Intervention/exposure
Study type
Interventional
Description of intervention(s) / exposure
We propose a randomized crossover design study to investigate micro-circulatory endothelial and smooth muscle cell function in response to sugary drink, insulin resistance and combinations of these factors with physical activity in healthy and type 2 diabetes (T2D) participants.

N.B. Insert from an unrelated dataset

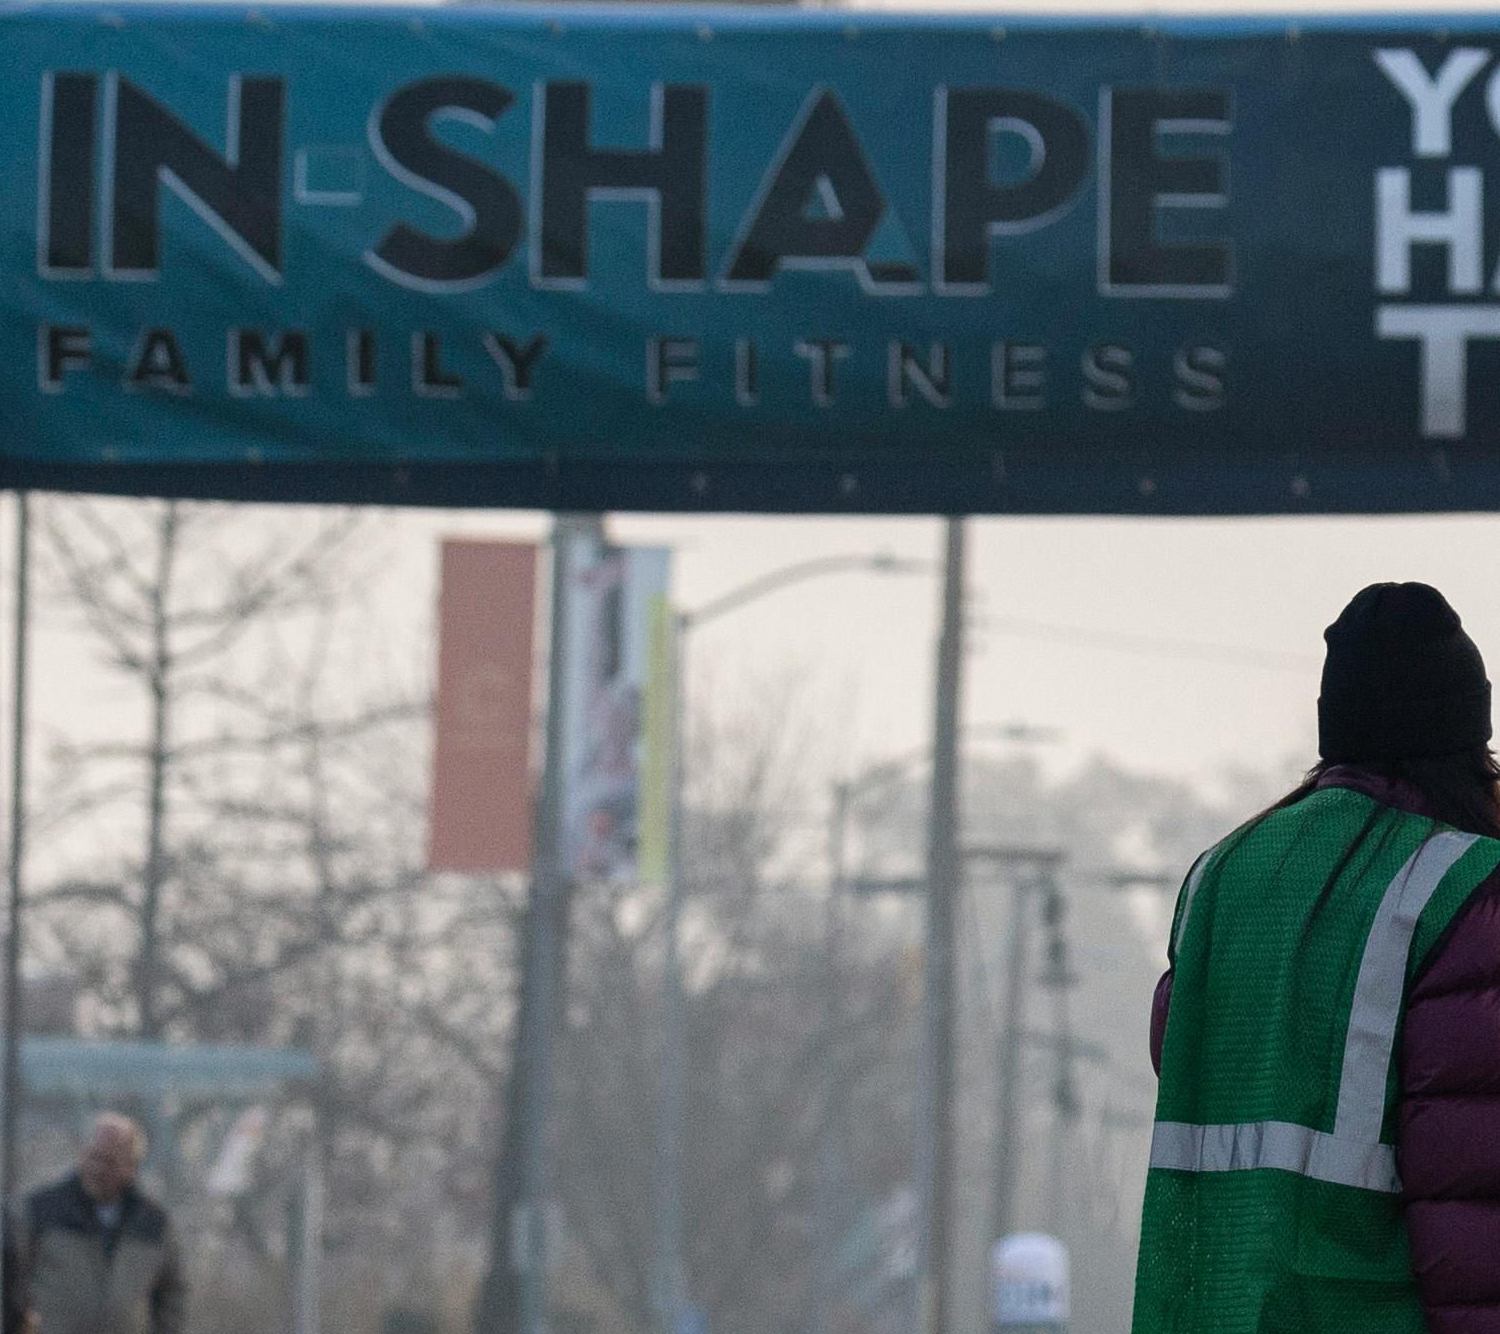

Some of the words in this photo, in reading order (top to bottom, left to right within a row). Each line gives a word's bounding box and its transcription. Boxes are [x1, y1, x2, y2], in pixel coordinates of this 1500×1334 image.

[37, 69, 1236, 299] IN-SHAPE
[37, 321, 550, 404] FAMILY
[645, 337, 1230, 412] FITNESS

Microvascular investigation will be performed before and after a 12-week exercise program (see details below). Participants will present to the laboratory following overnight fasting. All measurements will be taken before (baseline) and 15 min after sugary drink ingestion (65 g of sugar for a 600 mL drink to challenge vascular function) or placebo drink in a randomized order for each volunteer (5 days between consumption of both drinks). A period of 15 min after drink ingestion is chosen because pilot research demonstrated that plasma glucose and insulin concentrations reach peak values within 15–30 min after glucose loading via sugary drink ingestion.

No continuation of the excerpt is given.